Examples of Different Combinations of Sedation I've had:

  • Fentanyl and Versed gtt
  • Fentanyl and Precedex
  • Fentanyl and Propofol
  • Propofol and Precedex

One case that confused me was a patient I had admitted with ARDS who was mechanically ventilated and on Versed gtt and Fentanyl gtt. Her respiratory rate was set at 28, however her breathing rate was between 30-50, and she was coughing over the vent it seemed. I gave 2mg IVP Versed x2, in addition to increasing her Versed gtt up, and then finally a dose of PRN Nimbex which appeared to work for like only 15 minutes. When I made the doctor aware, she said to switch her over to a Propofol gtt and off the Versed gtt if she could tolerate it.

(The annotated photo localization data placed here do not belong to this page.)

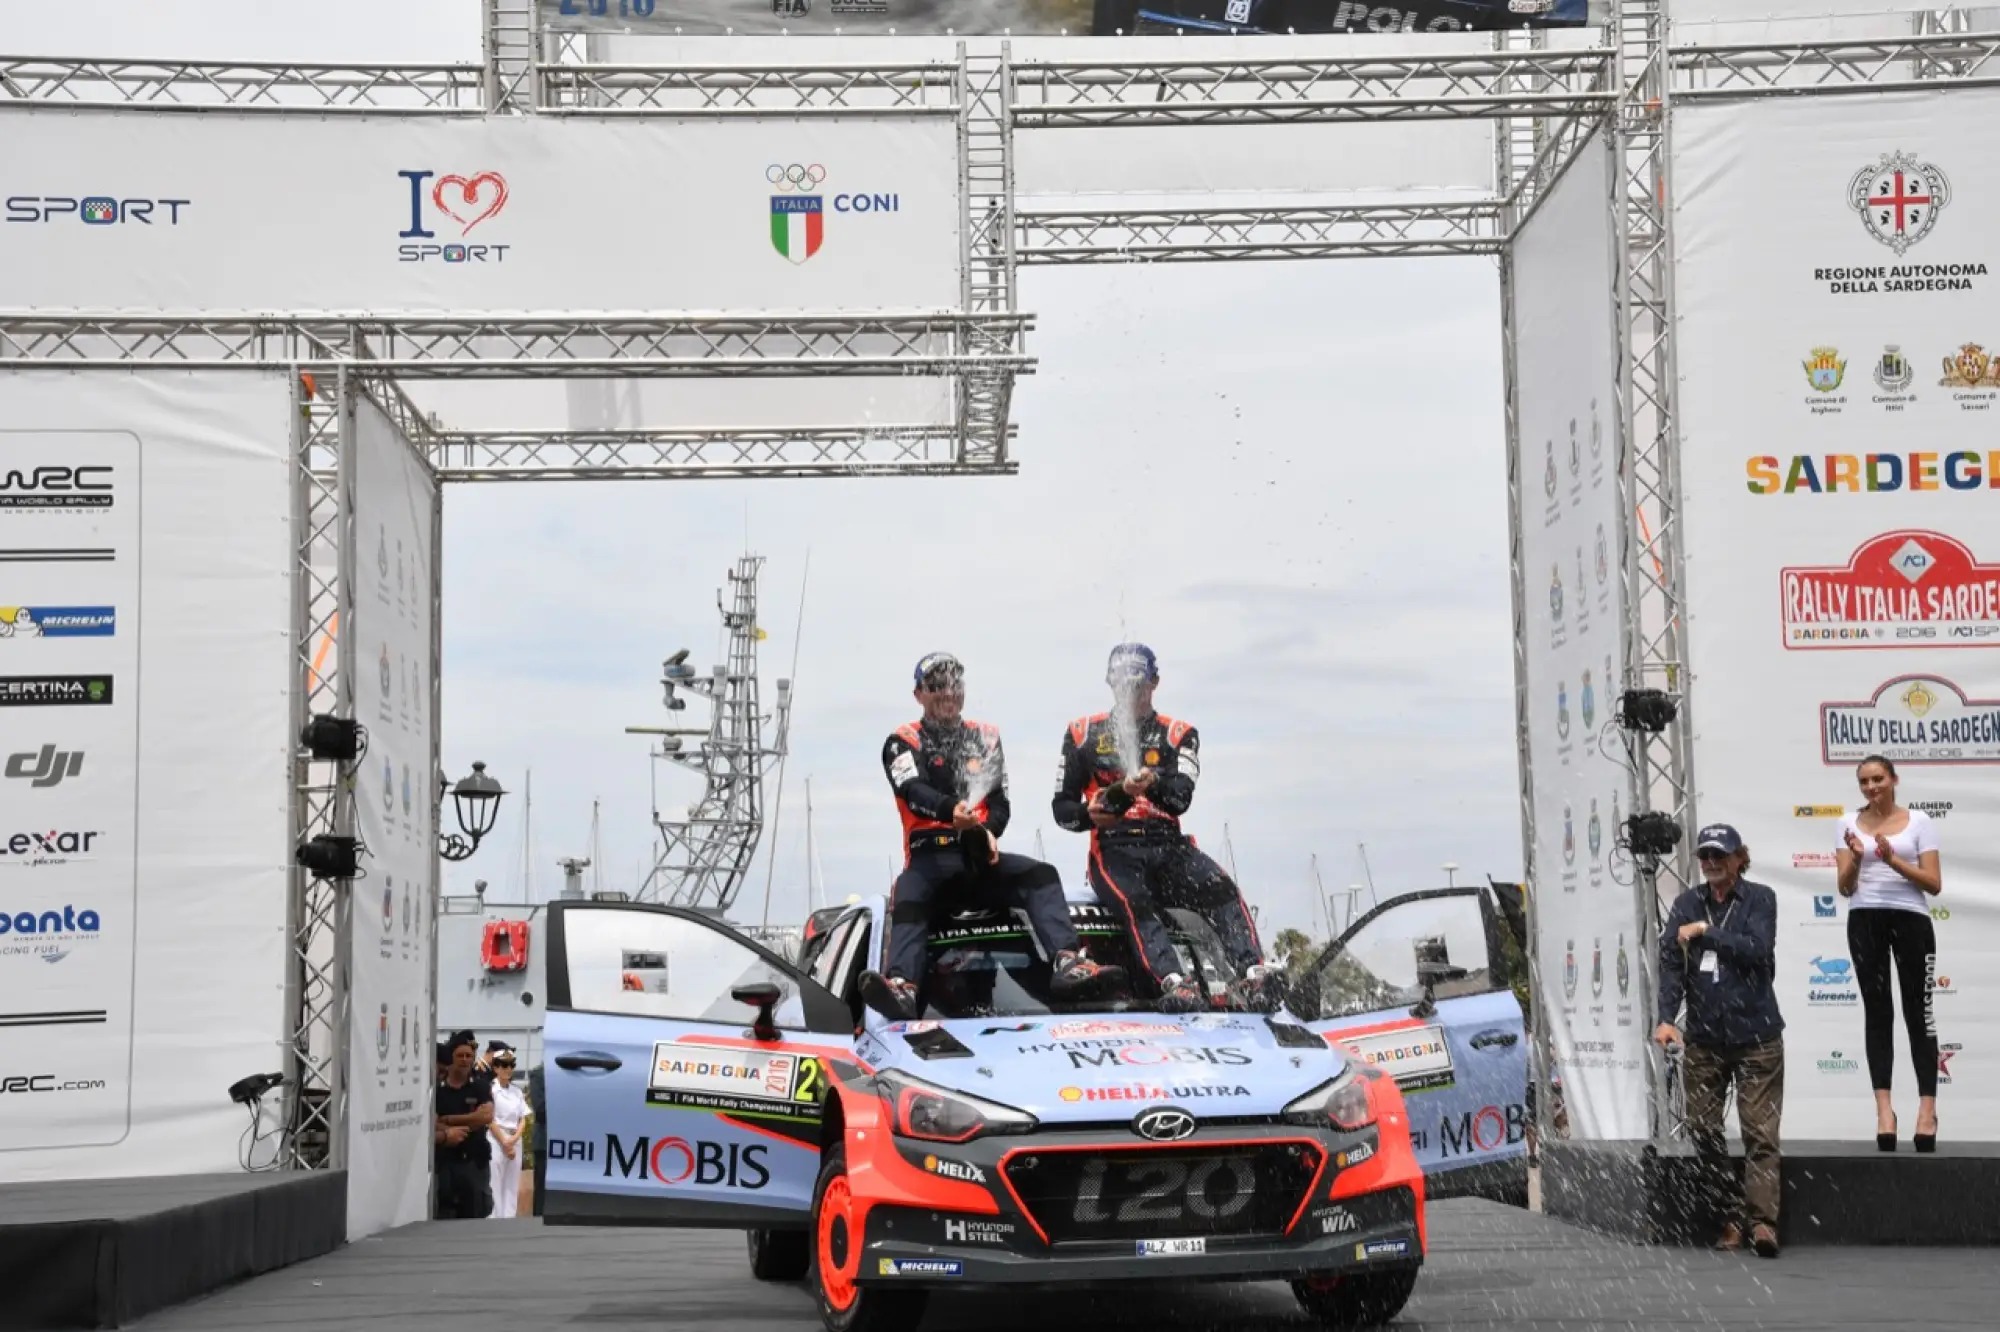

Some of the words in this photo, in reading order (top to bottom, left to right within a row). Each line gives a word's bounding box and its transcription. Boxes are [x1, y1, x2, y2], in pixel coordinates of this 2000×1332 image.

[6, 196, 191, 225] SPORT
[398, 170, 434, 238] I
[775, 199, 819, 210] ITALIA
[833, 193, 899, 212] CONI
[398, 244, 510, 262] SPORT
[1814, 266, 1886, 281] REGIONE
[1890, 263, 1988, 278] AUTONOMA
[1830, 281, 1878, 294] DELLA
[1884, 278, 1973, 292] SARDEGNA
[1903, 555, 1926, 567] ACI
[1786, 572, 1848, 622] RALLY
[1855, 585, 1922, 621] ITALIA
[1925, 580, 2000, 621] SARDE
[42, 616, 115, 625] MICHELIN
[1793, 628, 1870, 640] SARDEGNA
[1896, 627, 1937, 639] 2016
[1829, 711, 1874, 745] RALLY
[1879, 719, 1927, 744] DELLA
[1908, 801, 1954, 810] ALGHERO
[0, 829, 98, 854] Lexar
[1067, 1046, 1253, 1069] MOBIS
[1366, 1042, 1443, 1064] SARDEGNA
[659, 1059, 761, 1081] SARDEGNA
[794, 1058, 819, 1102] 2
[1172, 1085, 1252, 1097] ULTRA
[603, 1133, 771, 1189] MOBIS
[936, 1159, 987, 1183] HELIX
[967, 1221, 1015, 1234] HYUNDAI
[1321, 1208, 1356, 1233] WIA
[967, 1232, 1004, 1243] STEEL
[900, 1261, 959, 1272] MICHELIN

So again, my question is, why Propofol instead of Versed? I mean, it definitely worked after some titration, but I'm trying to understand why she was on Versed in the first place, and why Propofol was better for her?

Precedex is a word you never use around one of our docs for sedation/agitation. Better have exhausted all efforts before suggesting it.

Why's that?

The intensivist group I work with prefers it as their top sedation choice. Personally I think it's hit or miss.

Specializes in Family Nurse Practitioner.

Precedex doesn't work on all patients. Also to avoid the hypotension/bradycardia, titrate slowly.

Specializes in Pediatric Critical Care.

I don't think that PRN paralytic doses are a ridiculous order in all cases. Some experts actually say that intermittent dosing is the preferred method. I have seen it used in patients that had lung issues that sometimes made it almost impossible to ventilate them due to muscle spasms, and all the sedation in the world couldn't break the cycle once it started.

Yes, certainly it is important to sedate first - and the nursing staff should be educated on that. But that is just as true with gtts.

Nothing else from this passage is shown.